Parmalee played college football as running back at Ball State, where he was inducted into the Hall of Fame in 2001, and was signed by the Miami Dolphins as an undrafted free agent in 1992. Playing for nine seasons in the NFL, Parmalee also played for the New York Jets.

Playing career
Parmalee played high school football at Lincoln High School in Jersey City, New Jersey.  Parmalee played in college at Ball State University, where he is the 3rd leading rusher all-time and was named MAC Freshman of the Year in 1987.

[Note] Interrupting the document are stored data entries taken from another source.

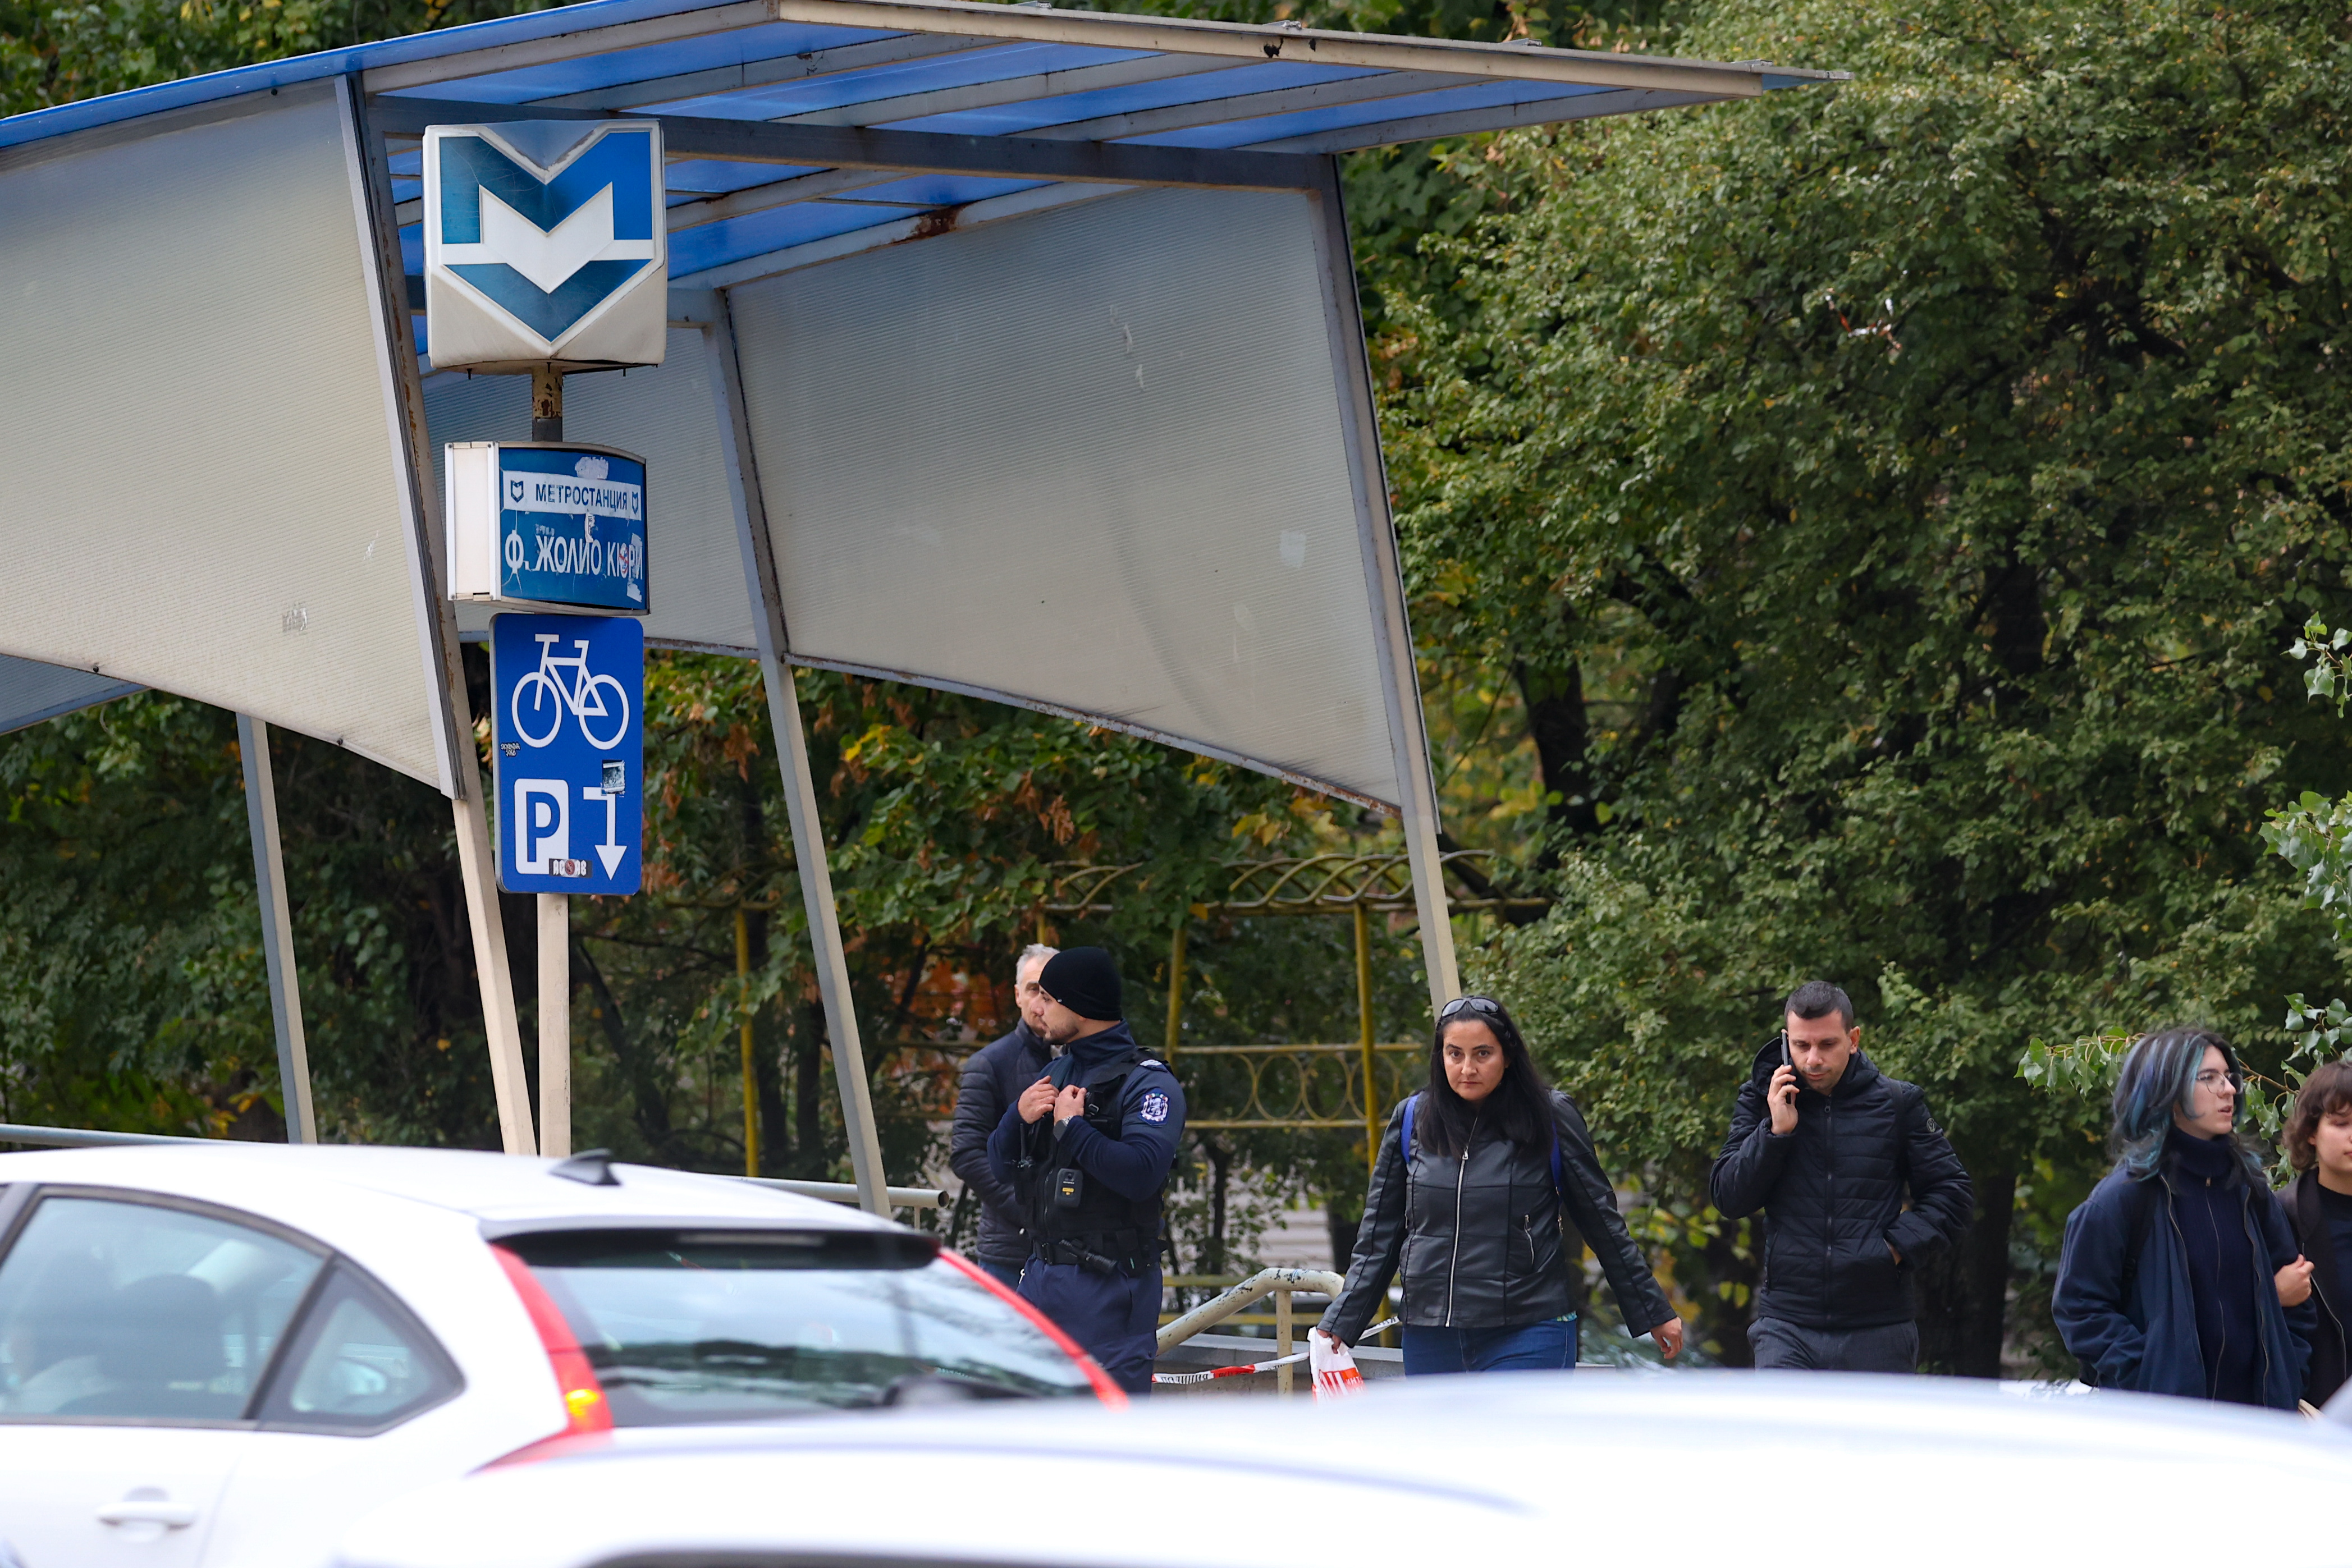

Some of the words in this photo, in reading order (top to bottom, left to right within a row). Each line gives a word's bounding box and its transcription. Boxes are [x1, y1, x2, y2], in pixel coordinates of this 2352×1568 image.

[536, 484, 627, 512] МЕТРОСТАНЦИЯ
[505, 530, 529, 574] Ф.
[536, 535, 602, 575] ЖОЛИО
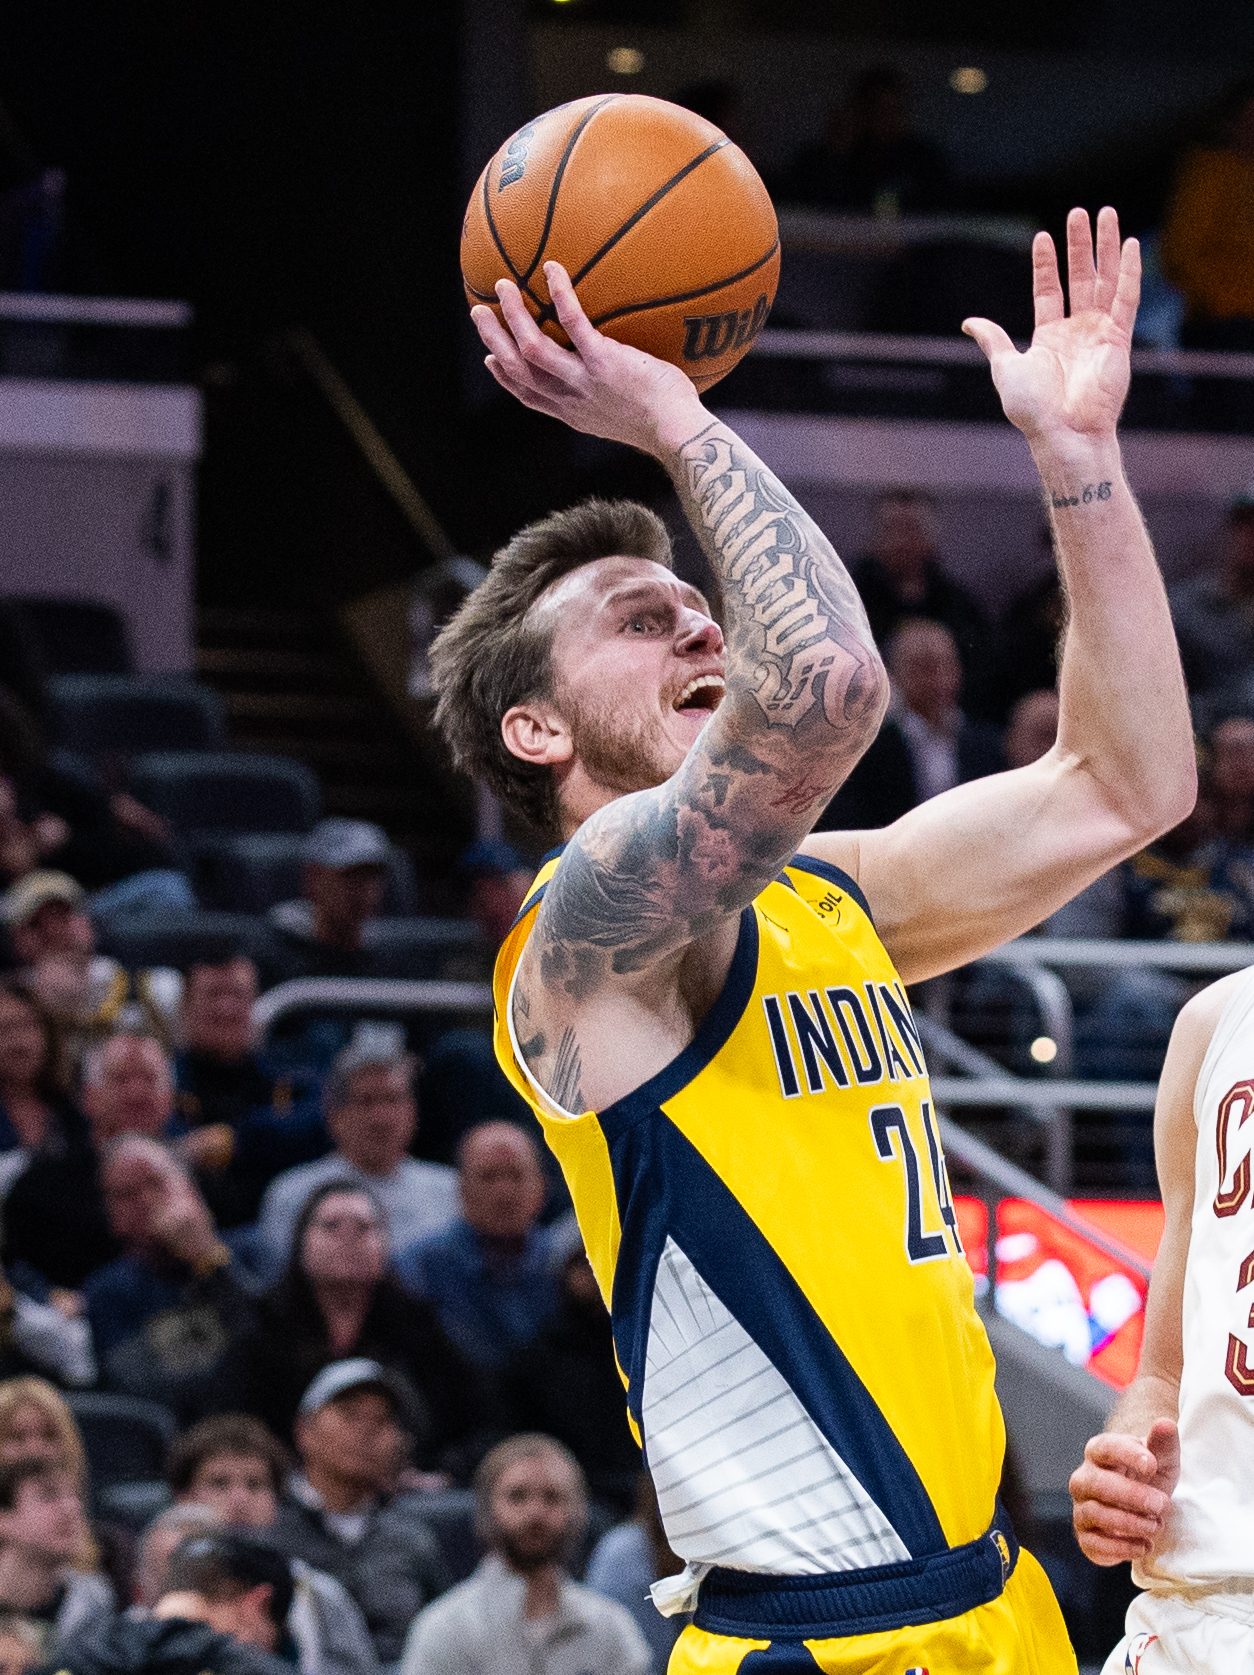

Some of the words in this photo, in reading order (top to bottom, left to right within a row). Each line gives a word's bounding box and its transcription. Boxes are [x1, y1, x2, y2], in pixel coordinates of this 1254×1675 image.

[818, 892, 843, 912] OIL
[762, 979, 928, 1100] INDIAN
[868, 1098, 966, 1266] 24

Parmalee played running back for the Miami Dolphins and the New York Jets from 1992 to 2000. Parmalee's professional opportunity came when he tried out for the Miami Dolphins after working for UPS. He played seven seasons with the Dolphins (1992–98) in 104 games, scoring fifteen rushing touchdowns and three receiving touchdowns while rushing for 1,959 yards and amassing 1,306 receiving yards. In 1999, he went to the Jets and played two seasons in 30 games with two rushing touchdowns, 220 rushing yards, and 179 receiving yards.

Coaching career

Miami Dolphins
Parmalee coached both special teams and tight ends for the Miami Dolphins from 2002 to 2004.

Notre Dame Fighting Irish
Parmalee coached both special teams and tight ends for the Notre Dame Fighting Irish from 2005 to 2009. Irish tight ends did well under Parmalee's tutelage having produced multiple John Mackey Award finalists during his tenure (Anthony Fasano and John Carlson).

Kansas City Chiefs
The Chiefs announced him as their Tight Ends coach on February 1, 2010.

Oakland Raiders
He was hired by the Raiders as their new running backs coach on January 25, 2015. In Parmalee's first season in Oakland, Latavius Murray made the Pro Bowl, running for 1066 yards — the team's first 1000-yard rusher in five years. In Parmalee's second season in Oakland, the Raiders had the league's 6th ranked rushing attack. As Jon Gruden took over as head coach of the Raiders after the 2017 season, Parmalee was ousted with most of the Raiders coaching staff.

Atlanta Falcons
In 2018, Parmalee was hired to be the running backs coach for the Falcons. He coached Ito Smith in his first season where he tallied four running touchdowns, the most rushing touchdowns by a Falcons rookie since 2002. After working as an offensive assistant and assistant special teams coach to start the 2019 season, he returned to being the running backs coach on November 4.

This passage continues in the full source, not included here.